United Health Services, Wilson Medical Center Vestal, NY
Imroz Apon, MD1, Khandokar A. Talib, MD1, Ahmed Shehadah, MD2, Gowthami Ramar, MD1, Hammad Qadri, DO1, Rahat Elahi, 3, Amanke Oranu, MD2, Toseef Javaid, MD4 1United Health Services, Wilson Medical Center, Vestal, NY; 2United Health Services, Wilson Medical Center, Binghamton, NY; 3SUNY Downstate Health Sciences University, East Elmhurst, NY; 4United Health Services, Wilson Medical Center, Johnson City, NY Introduction: Acute Onset Dysphagia raises concerns of esophageal obstruction due to malignancy, strictures, or external compression. We presented a unique case of sudden onset dysphagia due to extraluminal compression of the esophagus, presumed to be caused by a spontaneous mediastinal hematoma in a patient with hemophilia B.
Case Description/
Methods: A 34-year-old male with a history of hemophilia on recombinant factor IX presented with complaints of acute dysphagia to both solids and liquids. The patient had a preceding 3-day history of respiratory illness with a productive cough and low-grade fever. Initial imaging was significant for right basilar opacity and was managed with antibiotics. During hospitalization, CT imaging was significant for a posterior mediastinal mass causing esophageal compression (Figure 2) and hepatic lesions. Upper Endoscopy did not show any intraluminal mass in the esophagus, and an external compression with mucosal discoloration was noted in the mid-distal esophagus (Figure 1). Endoscopic Ultrasound revealed multiple large hypoechoic posterior mediastinal lesions with necrosis. Fine Needle Aspiration biopsy showed hypercellular specimen with fibrosis/sclerosis and few atypical cells but no malignancy. Tumor markers (Alpha-Fetoprotein, beta-human chorionic gonadotropin) were normal. MRI reaffirmed the presence of a posterior mediastinal mass. Following discharge, the patient had spontaneous resolution of symptoms with radiological reduction in mass size on serial imaging. A thoracoscopic biopsy was planned but was deferred due to possible further contained mediastinal hematoma development. Spontaneous regression of mediastinal mass and absence of B symptoms suggested that the compression was likely due to hematoma, possibly triggered by vigorous cough-related vascular injury in the setting of hemophilia B rather than malignancy. The patient was managed and improved with supportive care and factor IX replacement. Discussion: This case highlights the importance of considering spontaneous mediastinal hematoma as a rare but significant cause of dysphagia, particularly in patients with underlying coagulopathies. Recognizing nonmalignant causes of extraluminal esophageal compression is crucial to prevent unnecessary invasive interventions, and ensure timely, etiology-specific management. Early identification through appropriate imaging and clinical correlation can facilitate conservative treatment and improve outcomes in this uncommon but clinically relevant scenario.
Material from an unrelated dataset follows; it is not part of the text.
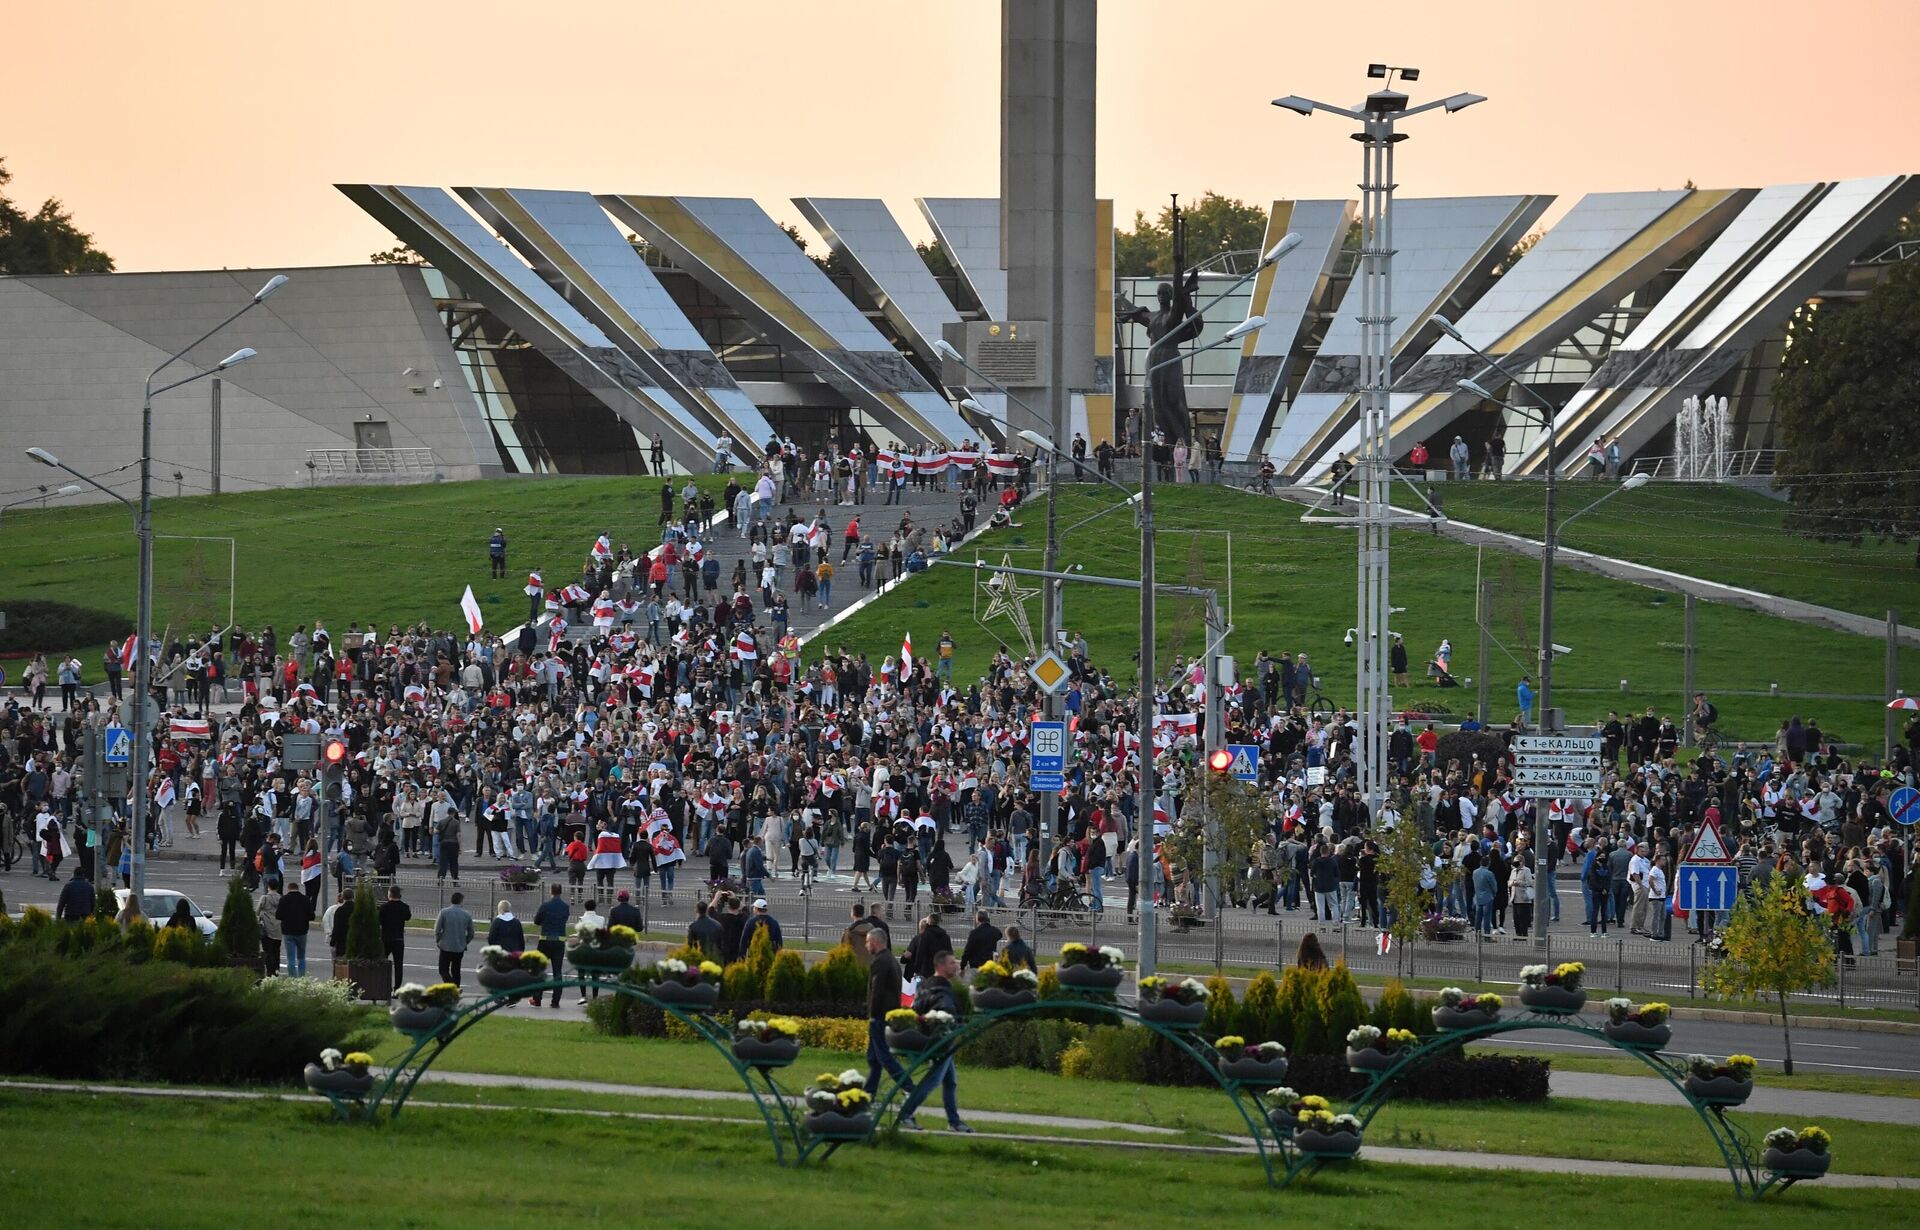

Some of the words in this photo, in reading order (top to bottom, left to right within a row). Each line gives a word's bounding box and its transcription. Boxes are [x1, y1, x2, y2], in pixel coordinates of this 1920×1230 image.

[1534, 739, 1547, 748] 1-е
[1549, 739, 1594, 750] КАЛЬЦО
[1533, 772, 1547, 780] 2-е
[1549, 772, 1593, 782] КАЛЬЦО
Figure: Figure 1: An external compression with mucosal discoloration in the mid-distal esophagus. No intraluminal mass in the esophagus.
Figure: Figure 2: Posterior mediastinal in the Subcarinal region extending into the Gastroesophageal junction and upper part of the lower abdomen measuring 4.9 x 5.4 x 10.6 cm.
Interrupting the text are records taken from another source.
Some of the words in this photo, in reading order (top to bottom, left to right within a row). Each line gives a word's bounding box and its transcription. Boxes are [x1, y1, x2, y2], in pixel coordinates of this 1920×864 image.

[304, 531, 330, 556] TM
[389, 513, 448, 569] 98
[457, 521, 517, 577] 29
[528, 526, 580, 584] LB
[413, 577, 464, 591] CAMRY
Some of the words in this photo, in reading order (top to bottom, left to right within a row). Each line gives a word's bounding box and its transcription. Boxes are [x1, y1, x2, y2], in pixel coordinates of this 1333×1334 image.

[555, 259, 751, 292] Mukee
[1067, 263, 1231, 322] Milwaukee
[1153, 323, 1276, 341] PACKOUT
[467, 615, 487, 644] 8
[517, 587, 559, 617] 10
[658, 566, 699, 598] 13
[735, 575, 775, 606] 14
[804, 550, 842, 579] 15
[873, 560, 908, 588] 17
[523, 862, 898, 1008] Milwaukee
Disclosures: Imroz Apon indicated no relevant financial relationships. Khandokar Talib indicated no relevant financial relationships. Ahmed Shehadah indicated no relevant financial relationships. Gowthami Ramar indicated no relevant financial relationships. Hammad Qadri indicated no relevant financial relationships. Rahat Elahi indicated no relevant financial relationships. Amanke Oranu indicated no relevant financial relationships. Toseef Javaid indicated no relevant financial relationships.
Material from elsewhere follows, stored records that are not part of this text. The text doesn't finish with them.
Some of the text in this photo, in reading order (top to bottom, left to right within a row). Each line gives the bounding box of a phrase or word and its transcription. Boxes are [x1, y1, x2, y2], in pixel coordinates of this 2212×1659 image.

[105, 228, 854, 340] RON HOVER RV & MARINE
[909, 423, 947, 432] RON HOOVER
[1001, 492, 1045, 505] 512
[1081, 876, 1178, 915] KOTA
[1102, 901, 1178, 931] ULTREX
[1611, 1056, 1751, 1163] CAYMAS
Imroz Apon, MD1, Khandokar A. Talib, MD1, Ahmed Shehadah, MD2, Gowthami Ramar, MD1, Hammad Qadri, DO1, Rahat Elahi, 3, Amanke Oranu, MD2, Toseef Javaid, MD4. P5048 - Hemophilia Masquerading as Cancer: Extraluminal Esophageal Hematoma in a Young Male, ACG 2025 Annual Scientific Meeting Abstracts. Phoenix, AZ: American College of Gastroenterology.